**Try it**
Pictures are not part of the copy; retype all the records below exactly.

---------- Input ----------

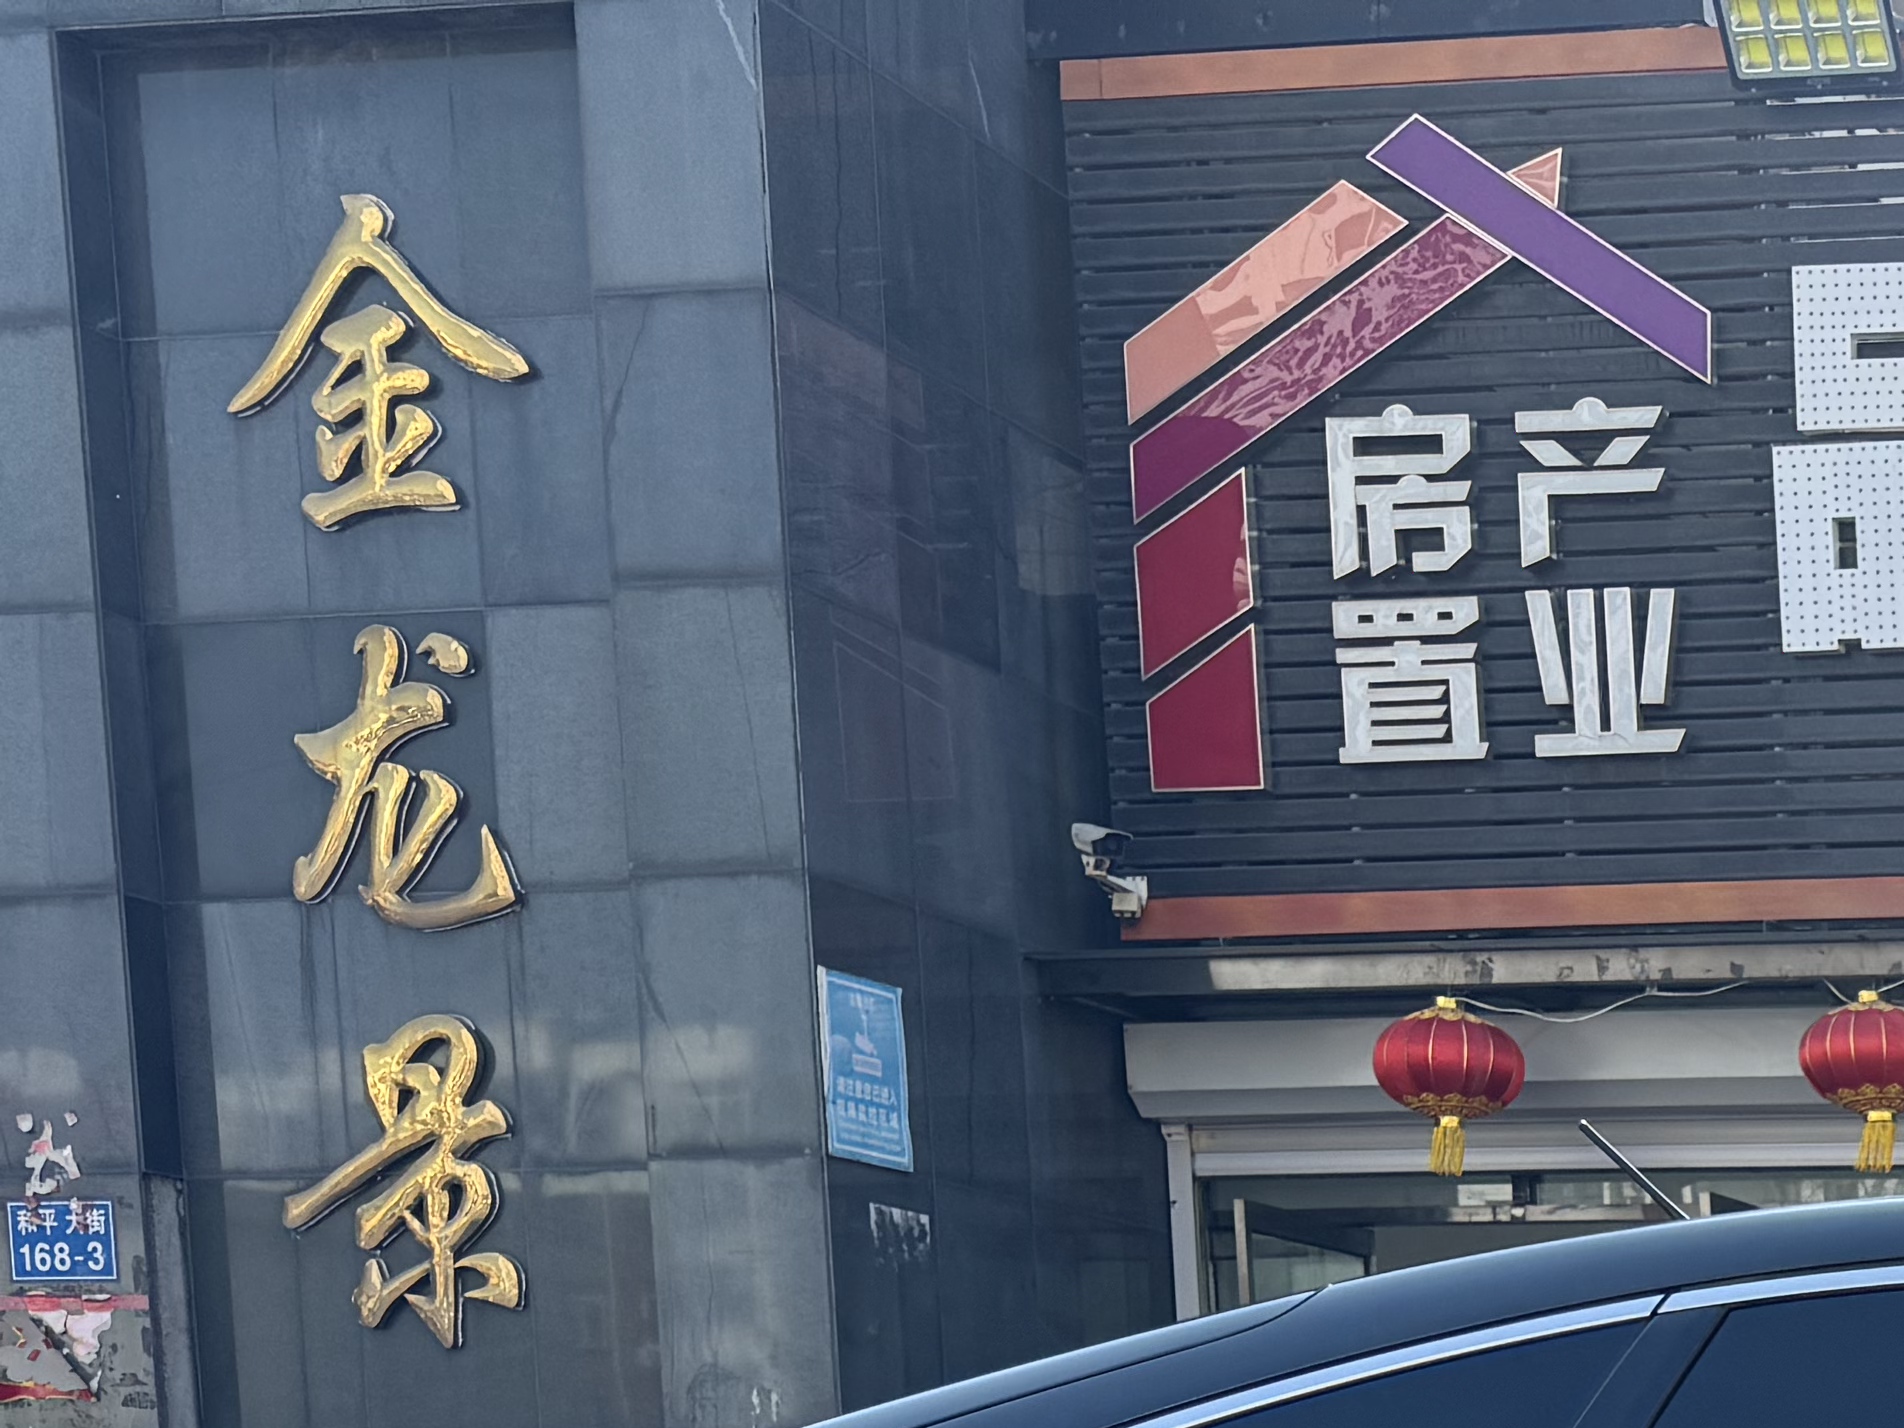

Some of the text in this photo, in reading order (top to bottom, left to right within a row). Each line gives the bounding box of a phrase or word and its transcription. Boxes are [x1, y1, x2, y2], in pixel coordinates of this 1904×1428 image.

[1325, 397, 1666, 580] 房产
[1332, 587, 1687, 764] 置业
[16, 1208, 106, 1236] 和平大街
[19, 1241, 105, 1272] 168-3
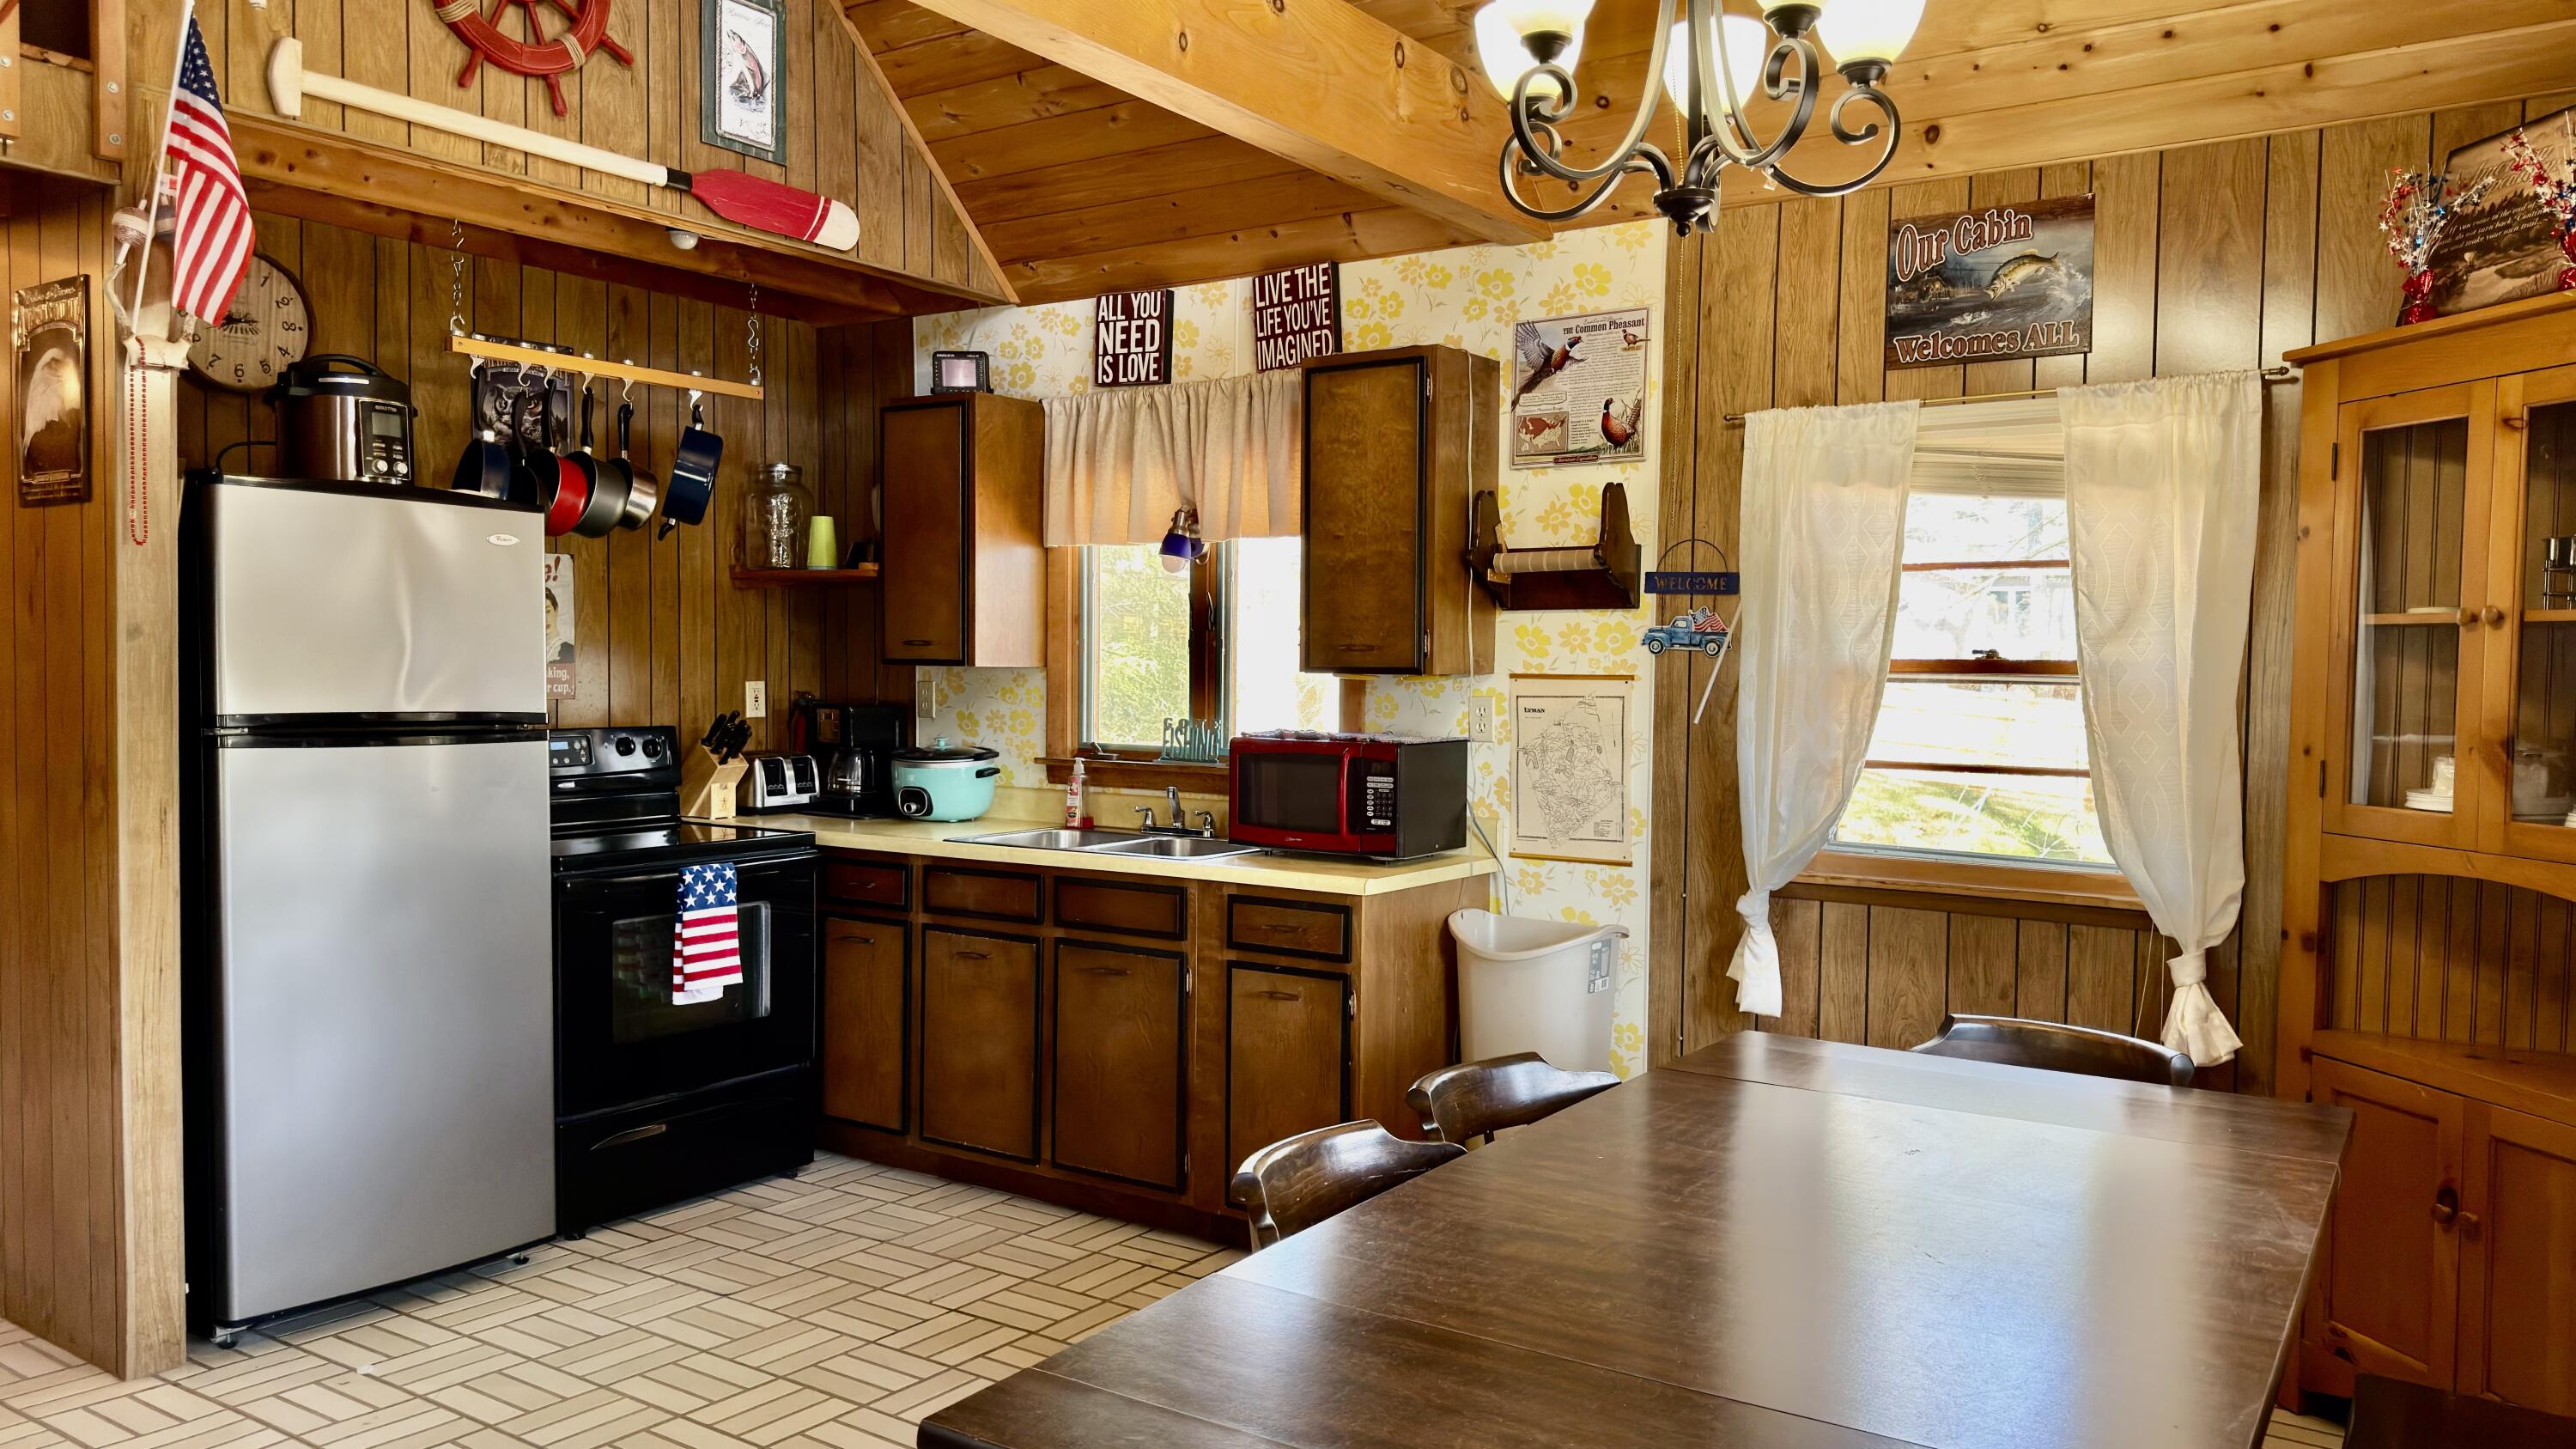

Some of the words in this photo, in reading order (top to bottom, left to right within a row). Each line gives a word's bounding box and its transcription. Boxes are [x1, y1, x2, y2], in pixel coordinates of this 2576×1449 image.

[2512, 205, 2527, 214] end
[1896, 224, 1949, 282] Our
[1953, 210, 2033, 255] Cabin
[261, 276, 270, 287] 1
[1255, 271, 1292, 307] LIVE
[1294, 263, 1330, 299] THE
[275, 296, 290, 309] 2
[1097, 295, 1126, 322] ALL
[1130, 291, 1161, 319] YOU
[1256, 307, 1282, 338] LIFE
[1283, 297, 1330, 331] YOU'VE
[282, 321, 296, 332] 3
[1575, 322, 1607, 334] Common
[1608, 318, 1644, 330] Pheasant
[1098, 320, 1160, 355] NEED
[1894, 331, 2020, 362] Welcomes
[2022, 320, 2080, 351] ALL
[276, 345, 291, 357] 4
[1257, 329, 1333, 371] IMAGINED
[208, 354, 222, 368] 7
[259, 359, 271, 374] 5
[1097, 355, 1114, 383] IS
[1118, 352, 1159, 383] LOVE
[234, 363, 245, 378] 6
[1655, 575, 1727, 591] WELCOME
[1162, 718, 1221, 761] FISHING

----------

**Response**
Some of the text in this photo, in reading order (top to bottom, left to right within a row). Each line gives the bounding box of a phrase or word and its transcription. Boxes are [x1, y1, x2, y2], in pixel coordinates of this 1904×1428 image.

[1325, 397, 1666, 580] 房产
[1332, 587, 1687, 764] 置业
[16, 1208, 106, 1236] 和平大街
[19, 1241, 105, 1272] 168-3

Some of the words in this photo, in reading order (top to bottom, left to right within a row). Each line gives a word's bounding box and its transcription. Boxes are [x1, y1, x2, y2], in pixel coordinates of this 2576×1449 image.

[2512, 205, 2527, 214] end
[1896, 224, 1949, 282] Our
[1953, 210, 2033, 255] Cabin
[261, 276, 270, 287] 1
[1255, 271, 1292, 307] LIVE
[1294, 263, 1330, 299] THE
[275, 296, 290, 309] 2
[1097, 295, 1126, 322] ALL
[1130, 291, 1161, 319] YOU
[1256, 307, 1282, 338] LIFE
[1283, 297, 1330, 331] YOU'VE
[282, 321, 296, 332] 3
[1575, 322, 1607, 334] Common
[1608, 318, 1644, 330] Pheasant
[1098, 320, 1160, 355] NEED
[1894, 331, 2020, 362] Welcomes
[2022, 320, 2080, 351] ALL
[276, 345, 291, 357] 4
[1257, 329, 1333, 371] IMAGINED
[208, 354, 222, 368] 7
[259, 359, 271, 374] 5
[1097, 355, 1114, 383] IS
[1118, 352, 1159, 383] LOVE
[234, 363, 245, 378] 6
[1655, 575, 1727, 591] WELCOME
[1162, 718, 1221, 761] FISHING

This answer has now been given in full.